Auto-scheduling target on CUDA : Poor Performance(real time classifiaction)

andrewwang0612 · May 13, 2022, 4:04am

Hello, When I use real time classification on camera with none tune. The fps is about 13~14. The network is EfficientNetV2-B0 and I converted ckpt to onnx from official website.https://github.com/google/automl/tree/master/efficientnetv2

In autoscheduler , I set target=‘cuda sm_61’ , ‘n_trial=10000’ ,Fps is become to 0.2~0.3 .Maybe it’s the TVM version is too old,so I reinstall it and I set target=‘cuda sm_61’ , ‘n_trial=5000’,still get the poor performance.
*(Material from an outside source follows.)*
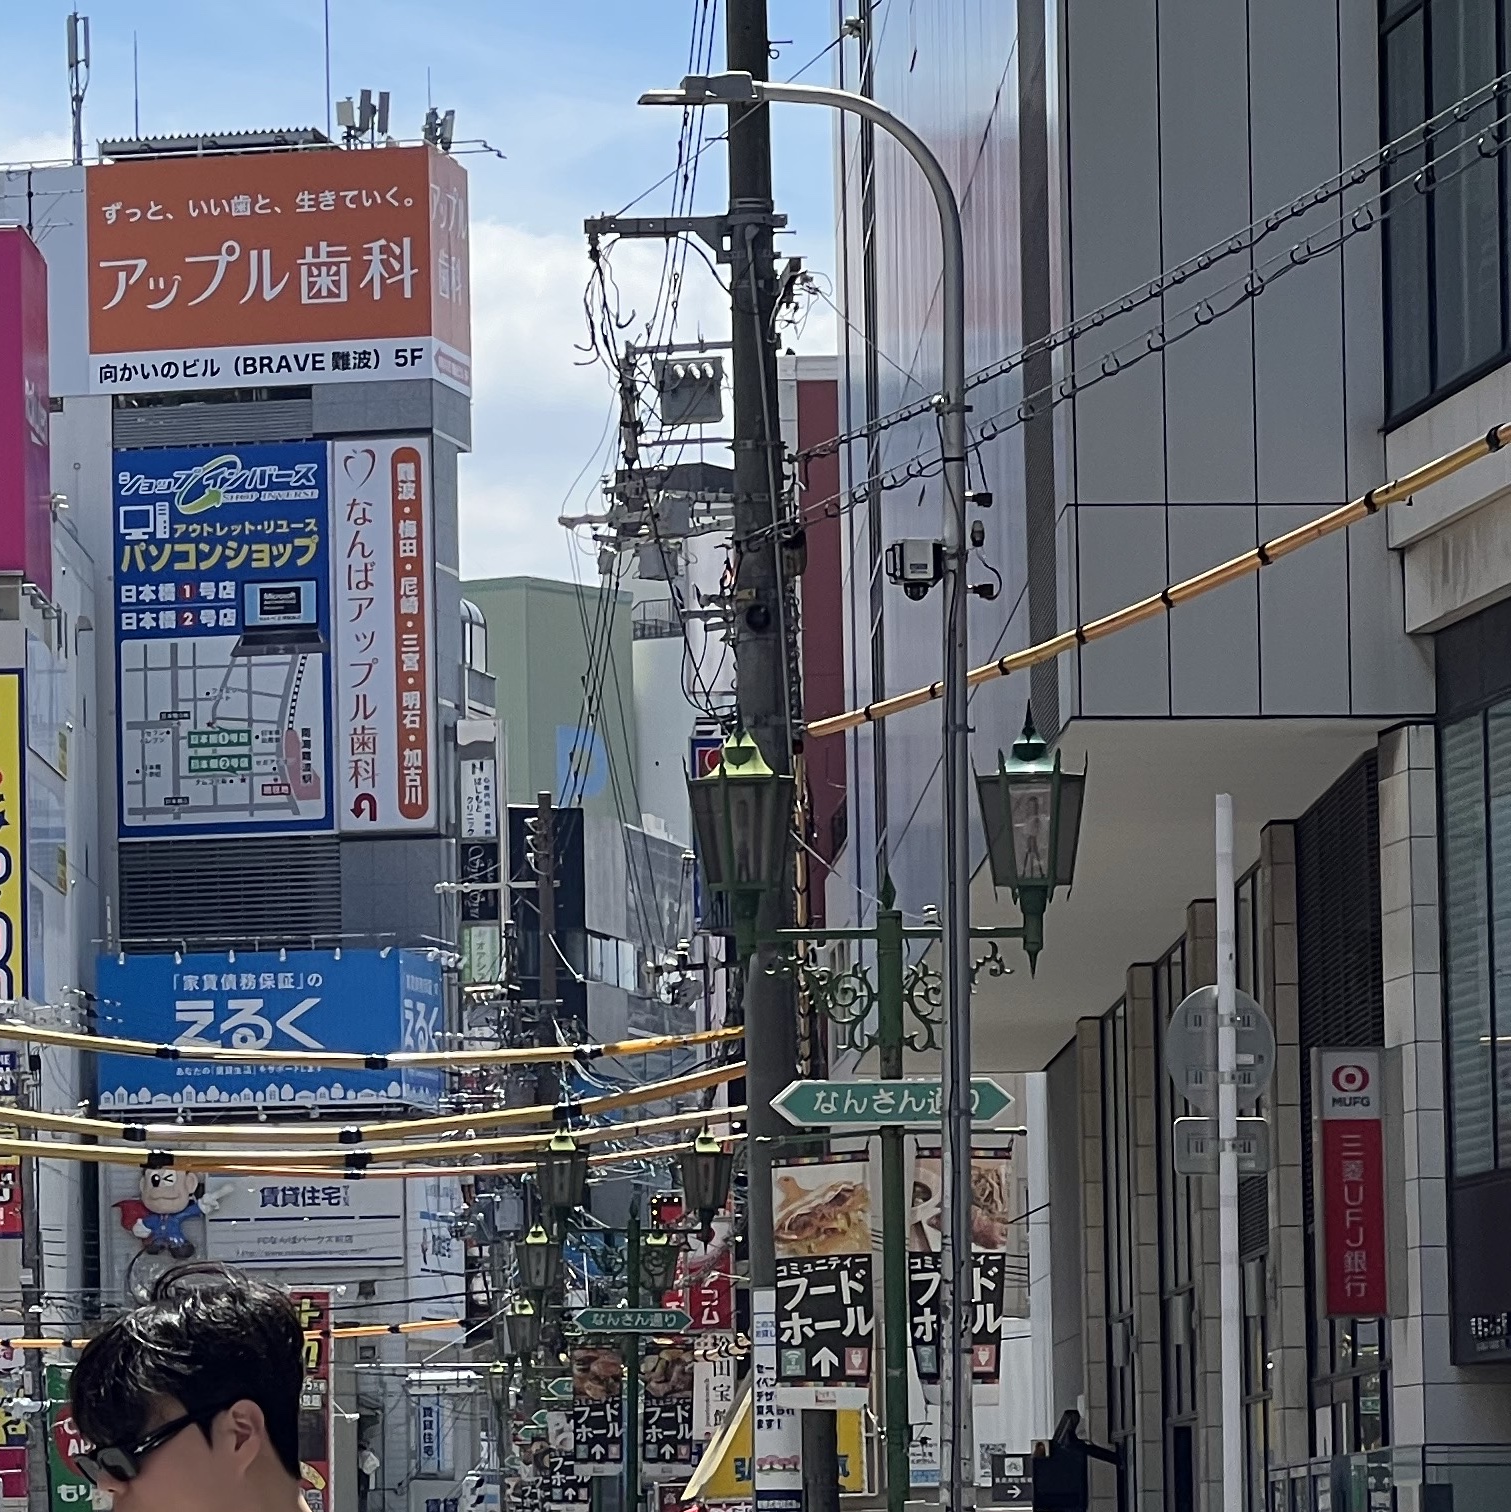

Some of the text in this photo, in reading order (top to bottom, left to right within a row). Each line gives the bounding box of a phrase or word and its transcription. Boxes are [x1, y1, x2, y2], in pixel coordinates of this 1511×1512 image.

Did I use the wrong way to apply the best result in tuning file?

Does anyone have an idea why use autoscheduler is worse than none-autoscheduler?

Thanks!!

merrymercy · June 12, 2022, 11:05pm

It seems your usage is wrong. You should put relay.build under auto_scheduler.ApplyHistoryBest.

You can follow the scripts in this repo to correctly set the tuning parameters of Ansor

Note that Ansor works better for NHWC layout, so probably you can follow the scripts above to convert your model into NHWC layout.

andrewwang0612 · June 14, 2022, 2:21pm

Apologies for the delayed response， Thank you so much !! I already solved my problem. Although in Jetson nano still hasn’t an obvious performance, Maybe it is the problem of model’s layout I will follow the scripts in your’s repo to check it !!